Is The Cloud Safer Than Some Health Care CIOs Think?
Today, as regulatory concerns are increasingly addressed for health care, CIOs can use the public cloud in several key ways to improve the care their patients receive -- especially as facilities grow and scale. From backing up their system to saving confidential patient data, the cloud offers cost savings, convenience, storage and accessibility with just the click of a button. Yet, some concerns remain about the safety of patient data stored in the public cloud.
In years past, some health care CIOs shied away from cloud storage in favor of on-premise options because of the sensitive nature of health care data and protected health information (PHI). Today, most have discovered that on-premise limits the speed and quality of care that doctors can provide.
When it comes to cloud safety and keeping patient data secure, it’s about best practices for data security. And the cloud has numerous advantages in this regard:
Encryption is especially vital for health care organizations, specifically in doctors’ offices where data may be located on-premise in server rooms where physical security is a challenge.
HIPAA security and privacy rules require that all contractors working with health care organizations have a business associates agreement (BAA). Encryption is a basic requirement for maintaining HIPAA compliance, and public cloud providers are driving adherence by releasing services that already ensure encryption.
The public cloud continues to push the boundaries of encryption services, ranging from Advanced Encryption Standard (AES) algorithm encryption to in-transit encryption services. Data encryption has become so important that enterprises like Google (GCP), Microsoft Azure and Amazon (AWS) already native encrypt most of their health care related services.
In the event of a natural disaster, no health care organization can afford to lose their patient data. Public cloud providers offer redundancy through network transport that can go into facilities where data lives to replicate that data and move it to the cloud. Take AWS, for example. The cloud service provider boasts a redundant storage solution so robust that if a disaster were to take one of their data centers offline, the hospital’s data would still remain secure.
In modern public cloud architectures, rather than thinking about legacy disaster recovery options, health care organizations are implementing redundancy through spreading their application across multiple public cloud availability zones or data centers. The bottom line? Redundancy keeps data online and safe.
Human error during data transportation is often responsible for compromising data encryption, which can lead to damaging security incidents.

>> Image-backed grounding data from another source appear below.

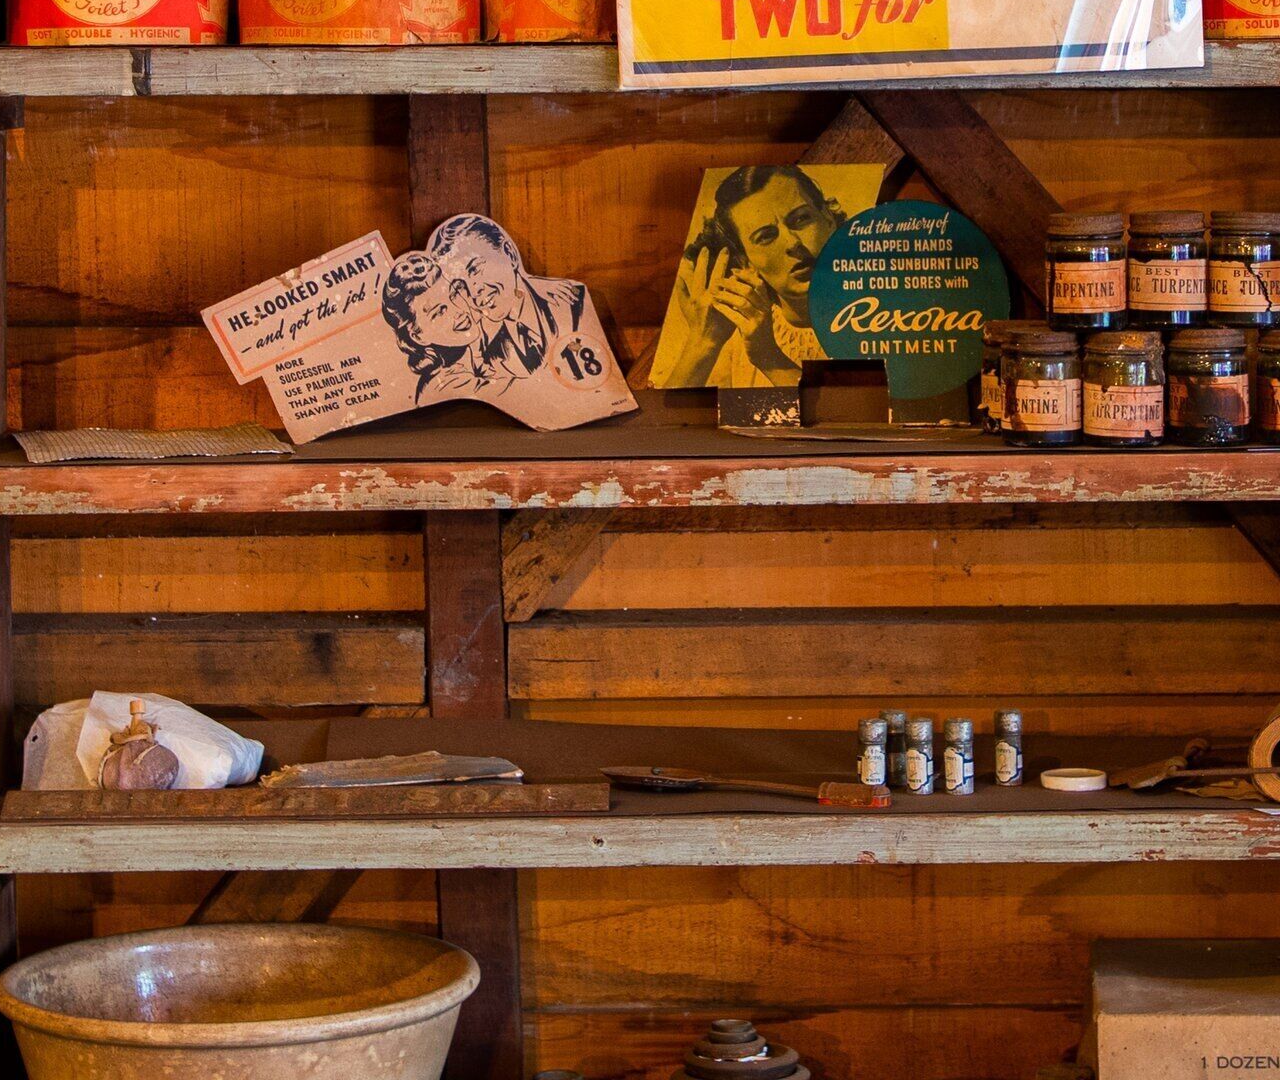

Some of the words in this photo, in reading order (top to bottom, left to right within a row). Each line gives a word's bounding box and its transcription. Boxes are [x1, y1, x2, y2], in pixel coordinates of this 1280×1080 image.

[64, 28, 113, 39] SOLUBLE
[130, 28, 181, 38] HYGIENIC
[848, 219, 872, 237] End
[875, 218, 894, 234] the
[896, 217, 936, 235] misery
[935, 212, 950, 235] of
[859, 239, 910, 253] CHAPPED
[914, 238, 953, 252] HANDS
[832, 259, 886, 272] CRACKED
[890, 257, 952, 271] SUNBURNT
[955, 257, 979, 270] LIPS
[1145, 267, 1180, 277] BEST
[842, 277, 863, 290] and
[869, 277, 899, 289] COLD
[904, 276, 941, 289] SORES
[944, 276, 969, 289] with
[1054, 282, 1115, 298] RPENTINE
[227, 311, 253, 332] HE
[255, 280, 320, 320] LOOKED
[322, 252, 376, 289] SMART
[255, 319, 284, 349] and
[289, 308, 315, 341] got
[316, 297, 338, 321] the
[342, 282, 366, 314] job
[830, 296, 986, 333] Rexona
[860, 339, 958, 354] OINTMENT
[275, 357, 305, 373] MORE
[279, 363, 334, 385] SUCCESSFUL
[340, 356, 362, 369] MEN
[285, 387, 302, 398] USE
[306, 371, 355, 392] PALMOLIVE
[289, 395, 318, 409] THAN
[323, 388, 345, 401] ANY
[349, 378, 381, 392] OTHER
[294, 403, 340, 420] SHAVING
[345, 391, 380, 407] CREAM
[1216, 1056, 1280, 1070] DOZEN

To securely transport data and keep it safe as it moves from on-premise to another location or cloud service is vital.
Luckily, most major cloud providers offer physical or online transport support to ingest your data and move it safely into the public cloud, including physical, petabyte-scale data transport like AWS Snowball and online encrypted services like SSH File Transfer Protocol (FTP). All of these services can easily move workloads without modifying applications or managing FTP servers.
There are many testing tools used to keep your cloud provider in check. Penetration testing, vulnerability scanning, looking for network holes and intrusion prevention are all part of keeping data environments safe from threats. Major cloud providers also have a rich public cloud marketplace with virtual machines that are ready-made to scan virtual private cloud environments for vulnerabilities and malware.
In addition to these protections, organizations can schedule penetration testing by third parties inside the cloud environment for audits to ensure data safety. Practicing audits invariably can lead to stronger data management and compliance.
Hardening allows organizations to make updates using automation rather than on-premises installations that may result in security incidents. This becomes increasingly important in health care as regulations evolve, requiring changes to the various operating systems that CIOs may be using to serve patient applications.
Tools like CloudFormation and Terraform allow organizations to build out templates for operating systems that can create a hardened template so that when new assets are deployed in the cloud, they have the same controls, policies, permissions and installations that organizations can use to control standards and follow protocols.
6. General Security And Access Management
It comes as no surprise that Google, Microsoft and Amazon are aggressively investing in security and access management. Take the example of AWS Security Hub, which offers a comprehensive view into managing security alerts and automating compliance checks inside an organization’s cloud environment. This means controlling access and permissions to any person or application for tighter data security.
AWS also recently launched Control Tower, which manages security services based on established best practices in secure and compliant multi-account environments.
For large health care organizations, this means safeguarding access across channels and devices to keep patient data secure.
Logging is a hot topic in health care that requires users to log everything that happens within an environment. For example, pharmaceutical data needs to be securely logged during a clinical trial throughout the manufacturing of a drug. When logging data, organizations need alert and response capabilities. Primarily, users need to be able to respond quickly when something goes wrong in an environment and, secondly, users need to be able to remediate that alert.
While technologies like AWS Security Hub drive alerts, there is no need for organizations to get rid of what they already have. They can integrate using the rich API’s public cloud providers allowed into current security platforms. This is especially pertinent to the health care industry, as most organizations will need to be able to integrate new technologies into their existing systems.
It sounds strange, but the surest way to keep your data safe is to scale. The ability to increase and decrease resources on-demand without having to wait for physical on-premise updates is essential. More and more, health care organizations are adopting DevOps and serverless technologies to help avoid patch management and infrastructure maintenance. By moving from older to newer environments, they are decreasing costs and reaping the rewards of increased data security in the cloud.